_WORK TO BE COMPLETED:_
To complete this task, print all the data below exactly but leave out the images.
*** INPUT RECORDS ***
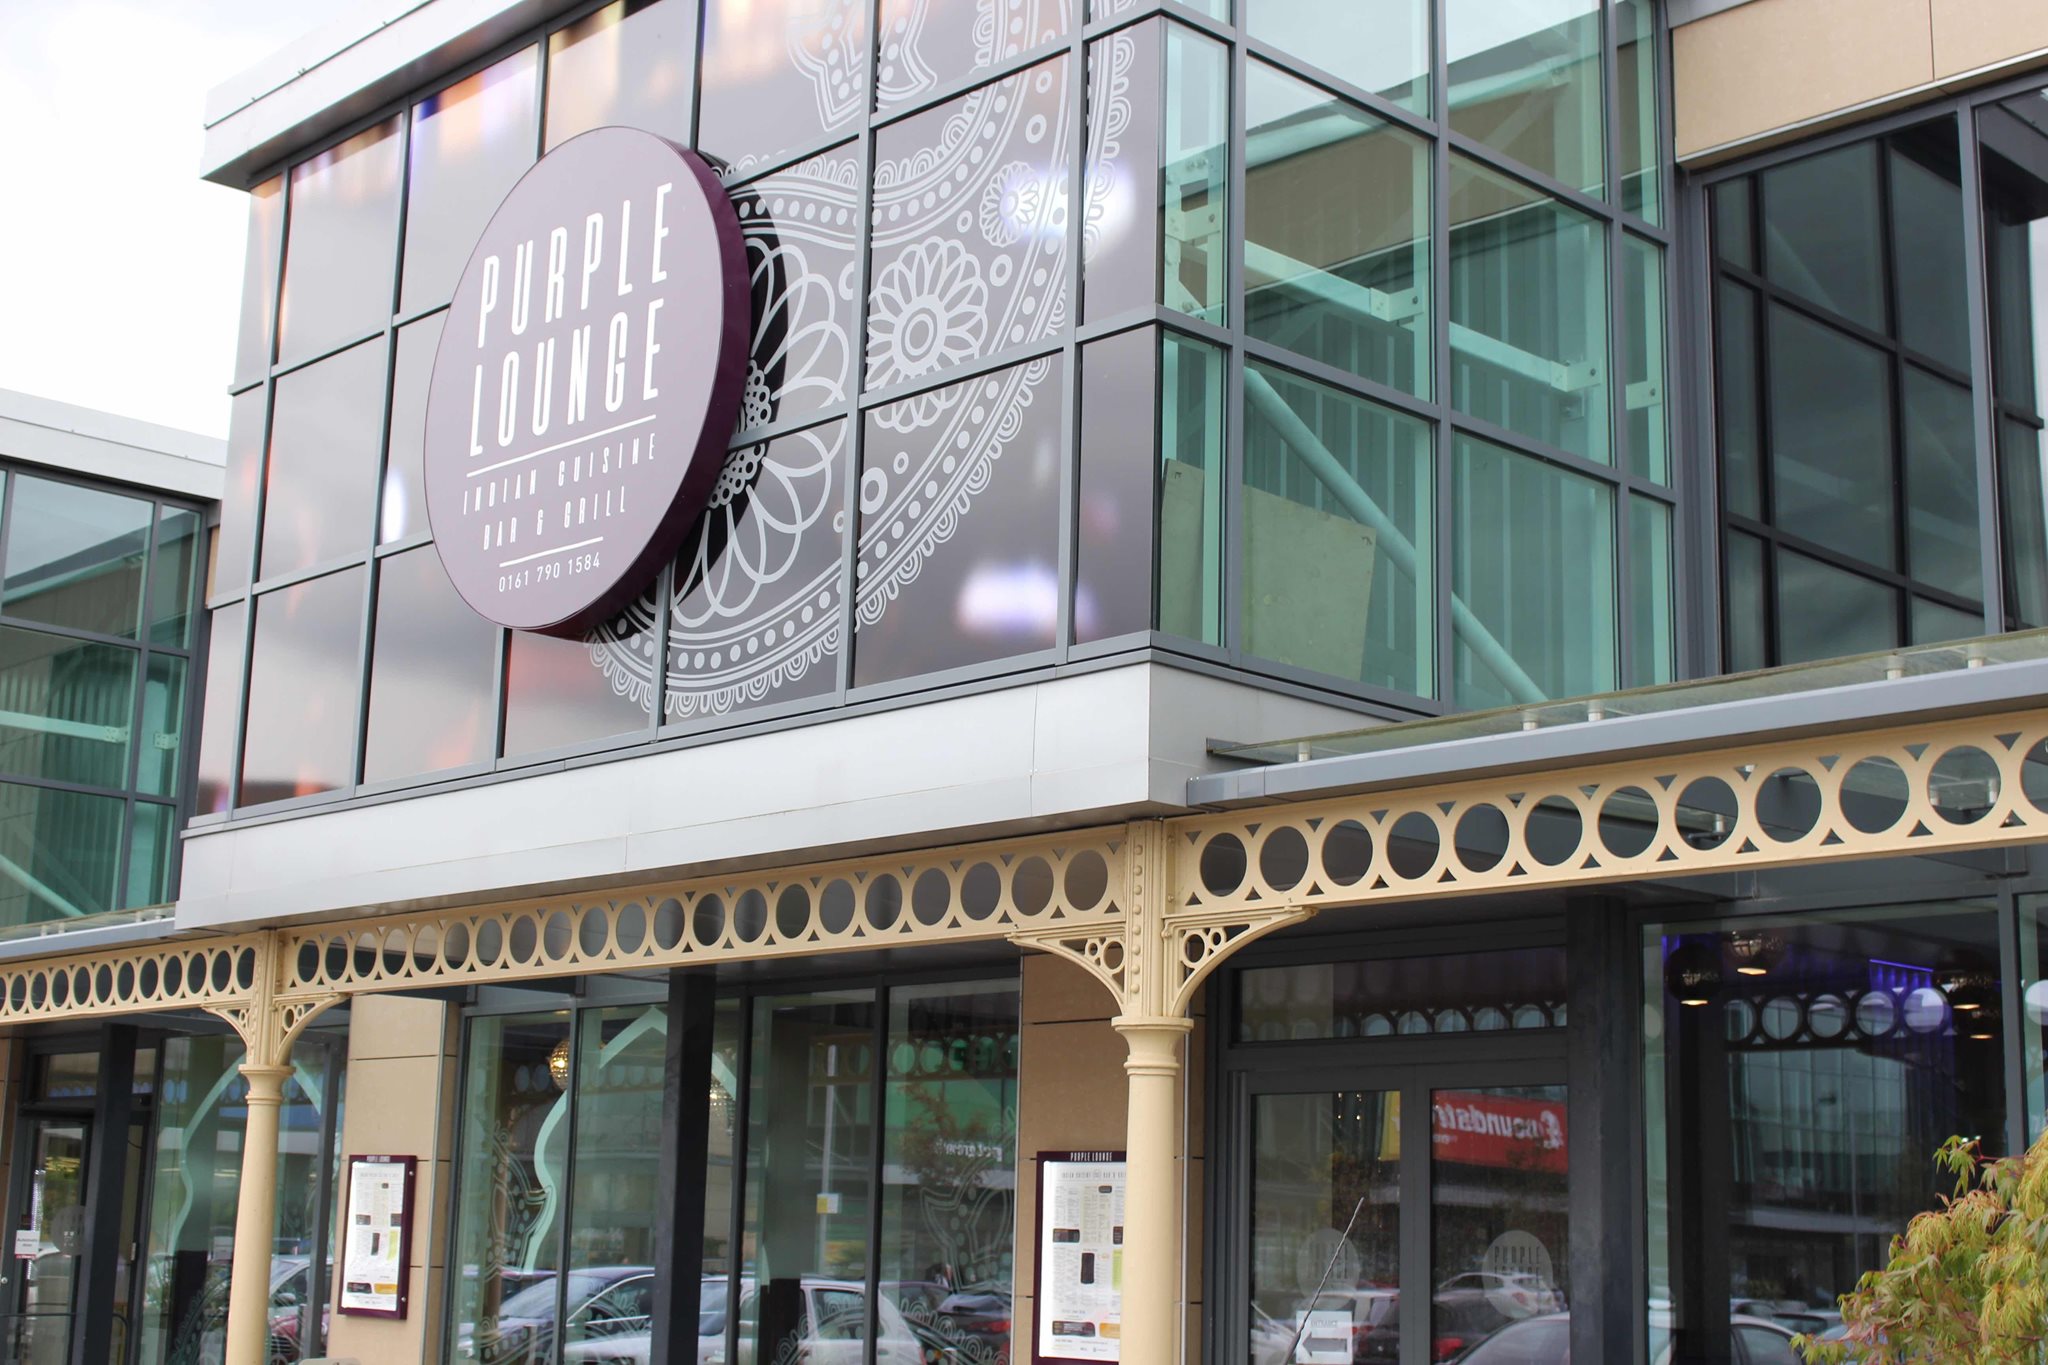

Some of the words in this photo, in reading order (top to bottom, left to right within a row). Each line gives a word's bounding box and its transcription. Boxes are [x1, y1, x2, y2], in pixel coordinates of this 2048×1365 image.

[477, 182, 672, 348] PURPLE
[469, 298, 665, 457] LOUNGE
[463, 469, 537, 515] INDIAN
[558, 433, 656, 486] CUISINE
[483, 517, 517, 550] BAR
[536, 509, 544, 536] &
[564, 485, 625, 528] GRILL
[499, 570, 529, 592] 0161
[537, 561, 560, 582] 790
[568, 552, 600, 575] 1584
*** End of INPUT RECORDS ***
_ANSWER SECTION:_
Some of the words in this photo, in reading order (top to bottom, left to right within a row). Each line gives a word's bounding box and its transcription. Boxes are [x1, y1, x2, y2], in pixel coordinates of this 2048×1365 image.

[477, 182, 672, 348] PURPLE
[469, 298, 665, 457] LOUNGE
[463, 469, 537, 515] INDIAN
[558, 433, 656, 486] CUISINE
[483, 517, 517, 550] BAR
[536, 509, 544, 536] &
[564, 485, 625, 528] GRILL
[499, 570, 529, 592] 0161
[537, 561, 560, 582] 790
[568, 552, 600, 575] 1584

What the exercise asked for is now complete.